Robert Ketterer: Genau das ist das Problem. Bei Ebay werden sogenannte "Dachbodenfunde" angeboten, die oft nicht echt sind. Und wenn doch, weiß man noch nichts über den Zustand. Im Grunde ist völlig unklar, worauf man sich einlässt, ich kann die Skepsis gut verstehen.

Und wie gehen Sie dagegen an?
Ketterer: Durch Aufklärung. Wir gehen mit den Online-Objekten genauso ernsthaft um wie bei der Live-Auktion, von der Überprüfung etwa der Herkunft bis zur Beschreibung und Taxierung. Bei uns kann man das Ersteigerte übrigens zurückgeben, wenn es nicht den Vorstellungen entspricht. Und wir übernehmen den Transport, auch wenn der Preis nur bei 100 Euro liegt.

Trotzdem lebt Kunst von der Präsenz. Ist das nicht auch das Problem beim Online-Kauf?
Ketterer: Ganz offen: Wir sehen unsere Kunden bei den Live-Auktionen ja auch nicht mehr.

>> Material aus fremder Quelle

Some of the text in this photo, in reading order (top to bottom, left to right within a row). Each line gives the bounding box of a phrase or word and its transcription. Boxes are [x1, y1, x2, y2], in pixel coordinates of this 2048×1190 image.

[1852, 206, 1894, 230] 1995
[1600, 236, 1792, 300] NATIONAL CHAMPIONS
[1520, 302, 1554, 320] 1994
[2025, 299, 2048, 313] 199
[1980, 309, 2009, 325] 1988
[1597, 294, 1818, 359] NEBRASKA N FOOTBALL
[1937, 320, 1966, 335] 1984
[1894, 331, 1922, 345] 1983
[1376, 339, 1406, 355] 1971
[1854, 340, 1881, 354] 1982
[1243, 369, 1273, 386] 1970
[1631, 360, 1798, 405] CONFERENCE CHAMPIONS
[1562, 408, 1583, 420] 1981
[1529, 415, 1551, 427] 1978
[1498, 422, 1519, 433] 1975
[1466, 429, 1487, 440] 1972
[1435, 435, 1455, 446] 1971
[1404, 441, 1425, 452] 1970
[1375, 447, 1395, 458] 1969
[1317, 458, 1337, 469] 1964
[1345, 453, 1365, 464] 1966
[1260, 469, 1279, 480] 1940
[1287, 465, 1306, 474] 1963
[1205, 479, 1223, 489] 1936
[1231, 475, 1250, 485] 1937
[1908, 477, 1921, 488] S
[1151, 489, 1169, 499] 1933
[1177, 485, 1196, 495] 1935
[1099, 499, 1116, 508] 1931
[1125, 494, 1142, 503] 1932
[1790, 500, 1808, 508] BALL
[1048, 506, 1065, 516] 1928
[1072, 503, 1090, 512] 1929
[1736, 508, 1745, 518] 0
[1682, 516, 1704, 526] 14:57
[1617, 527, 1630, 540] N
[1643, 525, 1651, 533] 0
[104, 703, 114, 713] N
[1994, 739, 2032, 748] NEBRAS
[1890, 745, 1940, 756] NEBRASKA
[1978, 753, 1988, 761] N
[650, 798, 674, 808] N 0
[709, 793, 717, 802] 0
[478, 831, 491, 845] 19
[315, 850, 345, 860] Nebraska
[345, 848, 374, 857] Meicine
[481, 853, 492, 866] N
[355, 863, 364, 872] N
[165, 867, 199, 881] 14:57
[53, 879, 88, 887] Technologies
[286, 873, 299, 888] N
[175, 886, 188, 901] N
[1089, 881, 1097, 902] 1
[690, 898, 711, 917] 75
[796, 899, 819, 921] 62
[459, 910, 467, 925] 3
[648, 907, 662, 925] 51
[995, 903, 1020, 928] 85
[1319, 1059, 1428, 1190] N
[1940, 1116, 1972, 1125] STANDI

Läuft das meiste übers Telefon?
Ketterer: Ja, und die Mehrzahl hat sich die Bilder oder Skulpturen nicht vor Ort bei uns angesehen. Das gab's in der Form früher nicht. Heute sind die Kunden bereit, für ein Kunstwerk bis zu 200000 Euro auszugeben, ohne sich einen Eindruck vom Original verschafft zu haben. Das ist eine enorme Veränderung. Und der Unterschied zwischen einer Live- und einer Internet-Auktion ist ja auch marginal. Entweder ich schlage dreimal mit dem Hammer aufs Pult oder die Auktion endet zu einem Zeitpunkt, der vorher genau festgelegt ist.

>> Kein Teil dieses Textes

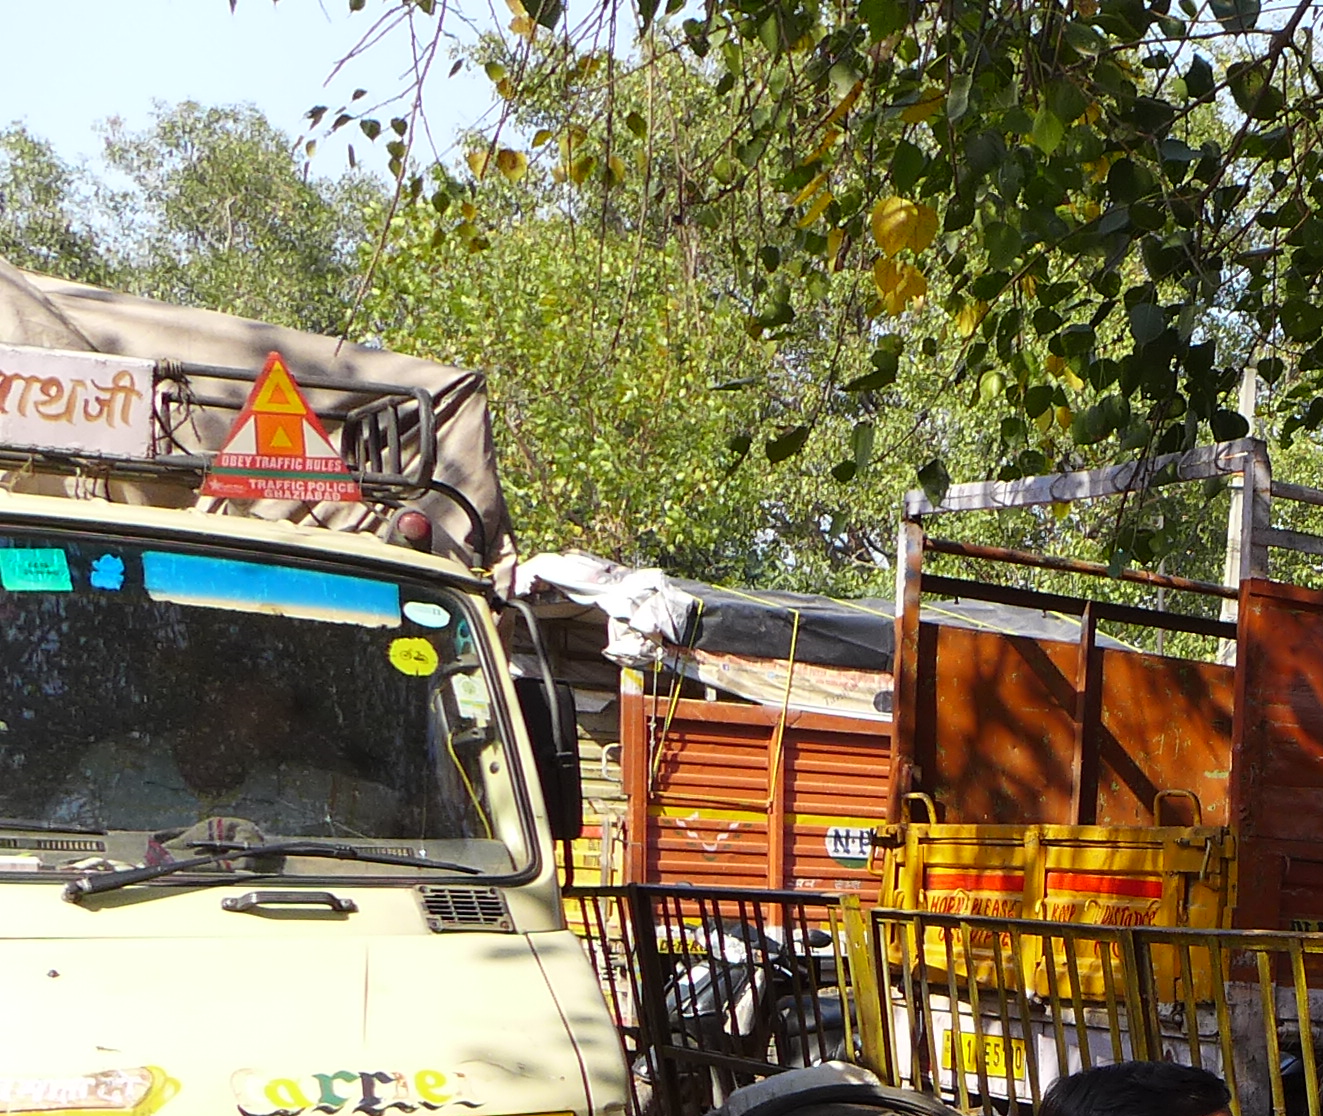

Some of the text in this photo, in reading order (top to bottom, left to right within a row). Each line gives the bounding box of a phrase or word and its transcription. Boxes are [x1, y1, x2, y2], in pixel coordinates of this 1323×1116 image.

[221, 454, 342, 472] OBEY TRAFFIC RULES
[248, 478, 306, 491] TRAFFIC
[307, 481, 356, 493] POLICE
[263, 488, 342, 501] GHAZIABAD

Aber das Bieten verläuft doch anders?
Ketterer: Bei den Online-Auktionen tut sich meistens erst in den letzten paar Minuten etwas, und es kann zu ganz verrückten Biet-Situationen kommen.


Das heißt?

Ketterer: Angenommen, wir haben eine "Victoria". Das sind zwei Druckgrafiken, die Gerhard Richter für die Victoria-Versicherung gemacht hat. Beide Blätter kosten jeweils um die 2500 Euro. Also setzen wir das bei der Saalauktion mit 1500 Euro an, dann geht das vielleicht auf 2600 Euro. Bei der Internet-Auktion beginnen die Blätter bei einem Euro. Wenn aber jemand kurz vor Schluss 3000 Euro bietet, kann das richtig hochschießen und in einer Geschwindigkeit, die bei einer Live-Auktion gar nicht möglich wäre. Wir hatten diesen Fall genau bei Richter - und am Ende waren es 8000 Euro für eine "Victoria". Es gibt aber auch einige Objekte, die unterm Preis bleiben.

Die weniger bekannten Namen?
Ketterer: Ja, die haben es immer schwer und bei Online-Auktionen besonders. Dabei können das ganz fantastische Werke sein.

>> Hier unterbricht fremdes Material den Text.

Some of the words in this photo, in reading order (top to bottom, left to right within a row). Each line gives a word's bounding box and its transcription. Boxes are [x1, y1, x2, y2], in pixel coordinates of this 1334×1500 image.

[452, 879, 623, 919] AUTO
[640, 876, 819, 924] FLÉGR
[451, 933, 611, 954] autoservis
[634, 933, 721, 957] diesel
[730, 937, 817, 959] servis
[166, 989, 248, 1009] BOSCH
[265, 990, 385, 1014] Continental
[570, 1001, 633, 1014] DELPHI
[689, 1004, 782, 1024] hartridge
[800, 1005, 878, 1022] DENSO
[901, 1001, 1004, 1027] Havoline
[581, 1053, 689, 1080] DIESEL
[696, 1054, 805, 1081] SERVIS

Sie haben jetzt Bereiche der Sammlung Steinle aus Neu-Ulm in der Online-Versteigerung. Ist das die Ausnahme?
Ketterer: Gar nicht, wir haben immer wieder Objekte aus guten Sammlungen, die bei einem Euro anfangen. Für uns ist das eine Möglichkeit, neue Interessenten in diese Auktionen zu ziehen, denn allein der Aufwand dabei zu sein, ist viel geringer. Es reicht ja, ins Netz zu gehen. Gerade im Fall der Fondation Steinle haben wir schon Tausende Bieter, die sich in Ein-Euro-Schritten bewegen. Das kann sich erst einmal jeder leisten.

Gibt es Kunden, die eine Online-Versteigerung ablehnen?
Ketterer: Natürlich, und jetzt sind wir wieder bei der Aufklärungsarbeit. Wobei die Online-Auktion auch nicht für jedes Objekt funktioniert. Gerade wenn es sich um Künstler handelt, die man nicht so gut kennt oder für die es einen eher kleinen Interessentenkreis gibt. Und nur das, was bei einer Saalauktion gut läuft, kann man auch im Internet gut verkaufen.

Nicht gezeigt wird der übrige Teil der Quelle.